From the first line to the last, write out the material exactly.

Task inputs:
┄┄┄┄┄┄
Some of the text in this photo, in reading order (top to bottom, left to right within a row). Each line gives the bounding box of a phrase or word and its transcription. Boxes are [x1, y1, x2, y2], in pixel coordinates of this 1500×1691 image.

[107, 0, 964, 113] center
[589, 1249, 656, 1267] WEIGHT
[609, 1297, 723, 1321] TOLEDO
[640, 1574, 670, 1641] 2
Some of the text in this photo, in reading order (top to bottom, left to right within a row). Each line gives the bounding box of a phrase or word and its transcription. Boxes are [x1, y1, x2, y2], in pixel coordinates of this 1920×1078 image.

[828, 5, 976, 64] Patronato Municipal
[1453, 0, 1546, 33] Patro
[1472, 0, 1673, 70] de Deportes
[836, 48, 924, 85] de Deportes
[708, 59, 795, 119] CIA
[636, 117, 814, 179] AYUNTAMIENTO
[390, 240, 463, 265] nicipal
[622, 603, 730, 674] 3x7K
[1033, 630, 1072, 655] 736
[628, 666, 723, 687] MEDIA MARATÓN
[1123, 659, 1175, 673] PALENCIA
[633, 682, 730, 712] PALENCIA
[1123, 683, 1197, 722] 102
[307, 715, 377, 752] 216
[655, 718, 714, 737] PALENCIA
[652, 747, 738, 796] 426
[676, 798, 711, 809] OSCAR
┄┄┄┄┄┄
Task response:
Some of the text in this photo, in reading order (top to bottom, left to right within a row). Each line gives the bounding box of a phrase or word and its transcription. Boxes are [x1, y1, x2, y2], in pixel coordinates of this 1500×1691 image.

[107, 0, 964, 113] center
[589, 1249, 656, 1267] WEIGHT
[609, 1297, 723, 1321] TOLEDO
[640, 1574, 670, 1641] 2
Some of the text in this photo, in reading order (top to bottom, left to right within a row). Each line gives the bounding box of a phrase or word and its transcription. Boxes are [x1, y1, x2, y2], in pixel coordinates of this 1920×1078 image.

[828, 5, 976, 64] Patronato Municipal
[1453, 0, 1546, 33] Patro
[1472, 0, 1673, 70] de Deportes
[836, 48, 924, 85] de Deportes
[708, 59, 795, 119] CIA
[636, 117, 814, 179] AYUNTAMIENTO
[390, 240, 463, 265] nicipal
[622, 603, 730, 674] 3x7K
[1033, 630, 1072, 655] 736
[628, 666, 723, 687] MEDIA MARATÓN
[1123, 659, 1175, 673] PALENCIA
[633, 682, 730, 712] PALENCIA
[1123, 683, 1197, 722] 102
[307, 715, 377, 752] 216
[655, 718, 714, 737] PALENCIA
[652, 747, 738, 796] 426
[676, 798, 711, 809] OSCAR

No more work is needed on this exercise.